この、心と心の性質を説く事は、徹底した者は稀である。
「十分な死去」は「十二分な死去」ではない。このため、「十分な死去」なのである。
「それは誰の事か?」と質問された時、誰が、この質問を「天を遮り地を覆っていない」とするのか?
「照古也際断」、「昔を照らすのは間を断つ事」に成る。
「照今也際断」、「今を照らすのは間を断つ事」に成る。
「照来也際断」、「未来を照らすのは間を断つ事」に成る。
「照正当恁麼時也際断」、「この時を照らすのは間を断つ事」に成る。
神山僧密は、「奥底まで心と心の性質を説いているのは誰か?」と言った。
先の「それは誰の事か?」と今の「(奥底まで心と心の性質を説いているのは)誰か?」は、ありふれた質問のように見えても、質問するべき事を質問しているのである。
(
原文は「さきの是誰と、いまの是誰と、その名は張三なりとも、その人は李四なり」。
「張三李四」は「ありふれた人」を意味する。
)
洞山良价は、「死中に活を得たり」、「九死に一生を得た」と言った。
この「死中」は、「直ぐに死去する事を得た」を直接指すと思ってはいけないし、「奥底まで心と心の性質を説いているもの」を直接指して「(奥底まで心と心の性質を説いているのは)誰か?」を妄りに言っているわけではない。

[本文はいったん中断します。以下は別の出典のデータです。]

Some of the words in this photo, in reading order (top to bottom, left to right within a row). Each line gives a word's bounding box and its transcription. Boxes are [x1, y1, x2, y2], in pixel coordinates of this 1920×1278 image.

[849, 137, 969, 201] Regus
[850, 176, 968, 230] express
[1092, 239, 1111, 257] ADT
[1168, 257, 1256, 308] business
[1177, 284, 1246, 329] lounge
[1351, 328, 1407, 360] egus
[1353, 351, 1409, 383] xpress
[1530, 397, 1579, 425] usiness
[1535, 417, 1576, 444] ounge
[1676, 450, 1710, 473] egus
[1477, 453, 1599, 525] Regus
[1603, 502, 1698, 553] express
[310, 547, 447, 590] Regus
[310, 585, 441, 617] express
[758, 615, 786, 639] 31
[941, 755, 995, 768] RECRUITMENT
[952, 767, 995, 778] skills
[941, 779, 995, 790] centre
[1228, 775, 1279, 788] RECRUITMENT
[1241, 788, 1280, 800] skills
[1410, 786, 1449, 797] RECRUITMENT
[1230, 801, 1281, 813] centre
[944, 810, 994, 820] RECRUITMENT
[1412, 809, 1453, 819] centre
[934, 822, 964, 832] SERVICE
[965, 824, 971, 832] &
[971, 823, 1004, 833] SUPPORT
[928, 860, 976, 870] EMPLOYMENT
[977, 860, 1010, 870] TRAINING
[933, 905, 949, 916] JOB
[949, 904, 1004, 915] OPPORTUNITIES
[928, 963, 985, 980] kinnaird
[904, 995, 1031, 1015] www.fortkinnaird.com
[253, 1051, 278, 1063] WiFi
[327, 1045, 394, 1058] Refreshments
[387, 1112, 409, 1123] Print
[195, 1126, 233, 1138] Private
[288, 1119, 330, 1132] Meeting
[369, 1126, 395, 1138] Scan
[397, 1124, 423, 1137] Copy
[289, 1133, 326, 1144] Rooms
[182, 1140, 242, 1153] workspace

「(奥底まで心と心の性質を説いているのは)誰か?」は「心と心の性質を説いている人」を指していて、必ずしも「十分な死去」を期していないと学に参入するべきである。
洞山良价の「死中に活を得たり」、「九死に一生を得た」という言葉は、「人がいて心と心の性質を説いている」音声や色形が目の前に現れているのである。
また、さらに、「十分な死去」の中の一両分なのである。
「活」は、たとえ全て活きても、死が変化して「活」として現れるわけではない。
「活を得たり」、「一生を得た」の「頭が正しいので尾も正しい」によって脱ぎ落とすのみなのである。
仏祖の言葉には、このような、心と心の性質を説く事が有って、参入されて究められているのである。
また、その時は、十分の死を死んで、「活を得たり」、「一生を得た」の手段を形成して現すのである。
知るべきである。
唐の時代から今日に至るまで、心と心の性質を説く事が仏道である事を明らめず、仏の教えに従って修行して証する心と心の性質を説く事に暗くて、でたらめを言う、憐れむべき者が多い。
身を受ける前と身を捨てた後でも救うべきである。
人々の為に言うと、
心と心の性質を説く事は過去七仏や祖師が重要としている事なのである。
正法眼蔵 説心説性
その時、千二百四十三年、日本の越州の吉田県の吉峰寺にいて僧達に示した。